Naval sustainment organizations such as the Navy Expeditionary Combat Command (NECC), Marine wing support squadrons, and landing support battalions must train routinely with partner nation sustainment organizations to close the “last hundred yards.” An example is when soldiers from TransCom’s Surface Deployment and Distribution Command conducted partnered sustainment training in Papua New Guinea. Sustainment engagement facilitates coordination with partner nation organizations that maintain key logistics nodes. These are the organizations that support the deployment, distribution, and maintenance of the ships, trucks, and aircraft of partnered forces in conflict. The Sea Services previously focused engagement efforts on conducting episodic tactical events in preparation for kinetic activity. Sailors, Marines, and Coast Guard personnel have much more to offer and their skills must be leveraged to dominate in contested maritime sustainment terrain.
The NECC is uniquely suited to be at the forefront of the Sea Services’ “engagement through sustainment” efforts. The NECC is essentially the Navy’s “miscellaneous drawer” of cross-cutting enablers, including maritime expeditionary security, explosive ordnance disposal, expeditionary intelligence, and expeditionary sustainment units. It already serves as a Sea Services integrator, with Marines and Coast Guard personnel fully embedded in its ranks enabling the NECC to clear, secure, build, and protect critical maritime sustainment nodes. Operationally, the NECC supports theater shaping plans in organizations such as the United States Indo-Pacific Command’s Civic Action Team, Palau, which reinforces relationships while improving sustainment infrastructure.
The NECC also supports the Navy Reserves through the Expeditionary Combat Readiness Command (ECRC). The Reserves oversee the Innovative Readiness Training (IRT) program, which provides the skilled personnel for projects such as the Marpo Heights Road improvement on Tinian. With additional funding and reserve authorities, the NECC would have additional capability and capacity for enduring partnered sustainment activities at crucial JLEnt nodes. The NECC can be a launchpad for “engagement through sustainment” activities by reinvigorating the Navy Reserve’s MPP.
Naval sustainment organizations are well equipped to maintain enduring relationships with local personnel and provide continuity to long-term projects. Sustainment professionals and contractors provide a lower profile presence than combat arms organizations and are generally easier to deploy and redeploy. These contractors must be aware of the challenges associated with the gray zone since they will regularly be in contact with potential adversarial counterparts who seek access and influence in the same locations.
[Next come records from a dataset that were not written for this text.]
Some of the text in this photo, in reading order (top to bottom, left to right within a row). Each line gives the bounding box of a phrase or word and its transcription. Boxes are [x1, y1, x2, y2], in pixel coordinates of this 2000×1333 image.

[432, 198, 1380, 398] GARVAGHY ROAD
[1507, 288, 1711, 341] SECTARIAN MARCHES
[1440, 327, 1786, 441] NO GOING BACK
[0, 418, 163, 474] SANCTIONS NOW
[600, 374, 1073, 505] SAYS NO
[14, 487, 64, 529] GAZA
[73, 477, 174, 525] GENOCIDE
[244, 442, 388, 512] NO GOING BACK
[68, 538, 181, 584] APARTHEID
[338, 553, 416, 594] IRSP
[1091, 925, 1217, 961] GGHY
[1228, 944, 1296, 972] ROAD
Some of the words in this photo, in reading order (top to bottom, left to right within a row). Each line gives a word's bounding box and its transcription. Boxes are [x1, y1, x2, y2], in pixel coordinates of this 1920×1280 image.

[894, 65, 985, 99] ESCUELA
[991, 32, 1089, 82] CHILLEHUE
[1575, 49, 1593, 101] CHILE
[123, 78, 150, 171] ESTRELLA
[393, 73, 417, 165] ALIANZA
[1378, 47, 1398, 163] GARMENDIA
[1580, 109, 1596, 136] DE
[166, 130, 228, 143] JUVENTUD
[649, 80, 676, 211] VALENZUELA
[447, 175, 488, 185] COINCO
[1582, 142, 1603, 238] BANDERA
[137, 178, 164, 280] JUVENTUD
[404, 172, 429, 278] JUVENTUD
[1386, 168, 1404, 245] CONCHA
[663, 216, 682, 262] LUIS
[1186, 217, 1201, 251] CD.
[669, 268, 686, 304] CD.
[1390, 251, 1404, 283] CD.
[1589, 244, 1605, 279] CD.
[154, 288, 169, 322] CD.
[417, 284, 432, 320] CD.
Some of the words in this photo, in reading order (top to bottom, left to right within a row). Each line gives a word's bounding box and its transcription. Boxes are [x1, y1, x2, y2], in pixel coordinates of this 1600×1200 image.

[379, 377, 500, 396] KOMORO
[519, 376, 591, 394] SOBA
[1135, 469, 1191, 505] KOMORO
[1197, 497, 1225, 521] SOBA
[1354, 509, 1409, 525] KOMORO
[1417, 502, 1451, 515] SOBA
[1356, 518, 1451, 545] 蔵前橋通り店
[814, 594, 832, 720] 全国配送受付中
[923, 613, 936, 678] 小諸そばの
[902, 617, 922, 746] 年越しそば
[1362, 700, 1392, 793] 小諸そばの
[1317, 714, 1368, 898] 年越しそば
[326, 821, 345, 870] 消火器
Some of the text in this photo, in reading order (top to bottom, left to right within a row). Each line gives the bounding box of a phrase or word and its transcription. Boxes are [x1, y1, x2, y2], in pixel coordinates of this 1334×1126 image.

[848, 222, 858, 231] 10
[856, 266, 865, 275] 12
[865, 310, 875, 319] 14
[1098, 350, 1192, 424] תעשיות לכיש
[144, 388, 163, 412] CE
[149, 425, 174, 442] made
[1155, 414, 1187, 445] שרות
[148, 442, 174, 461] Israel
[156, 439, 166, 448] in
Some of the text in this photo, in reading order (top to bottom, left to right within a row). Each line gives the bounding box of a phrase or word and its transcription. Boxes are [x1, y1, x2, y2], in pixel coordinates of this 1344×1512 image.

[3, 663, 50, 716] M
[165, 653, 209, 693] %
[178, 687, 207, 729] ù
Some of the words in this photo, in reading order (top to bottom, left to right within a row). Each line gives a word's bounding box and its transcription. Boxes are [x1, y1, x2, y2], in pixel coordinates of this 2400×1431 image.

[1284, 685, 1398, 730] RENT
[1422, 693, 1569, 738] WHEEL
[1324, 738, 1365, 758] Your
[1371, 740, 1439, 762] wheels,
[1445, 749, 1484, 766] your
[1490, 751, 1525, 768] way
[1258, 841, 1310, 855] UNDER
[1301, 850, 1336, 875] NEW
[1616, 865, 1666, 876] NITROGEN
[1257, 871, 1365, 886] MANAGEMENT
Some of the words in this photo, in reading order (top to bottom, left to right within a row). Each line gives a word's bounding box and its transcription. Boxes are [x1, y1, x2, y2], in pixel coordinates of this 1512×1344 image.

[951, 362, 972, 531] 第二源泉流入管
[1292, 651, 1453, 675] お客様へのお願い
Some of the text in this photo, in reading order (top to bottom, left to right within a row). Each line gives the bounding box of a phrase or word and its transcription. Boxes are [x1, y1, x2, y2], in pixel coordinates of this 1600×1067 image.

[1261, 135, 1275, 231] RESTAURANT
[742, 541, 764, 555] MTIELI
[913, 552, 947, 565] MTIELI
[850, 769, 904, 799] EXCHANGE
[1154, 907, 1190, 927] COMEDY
As the Sea Services navigate the global commons with their partners, relationships fostered on the seas must be reinforced ashore. They must exercise their expeditionary maritime sustainment capabilities more frequently and on a broader scale. These efforts require coordinated consistency to those partner nations in which friendly boots on the ground best demonstrate trust. Such presence reflects integrated all-domain U.S. naval power consistent with the “Global Force for Good” motto.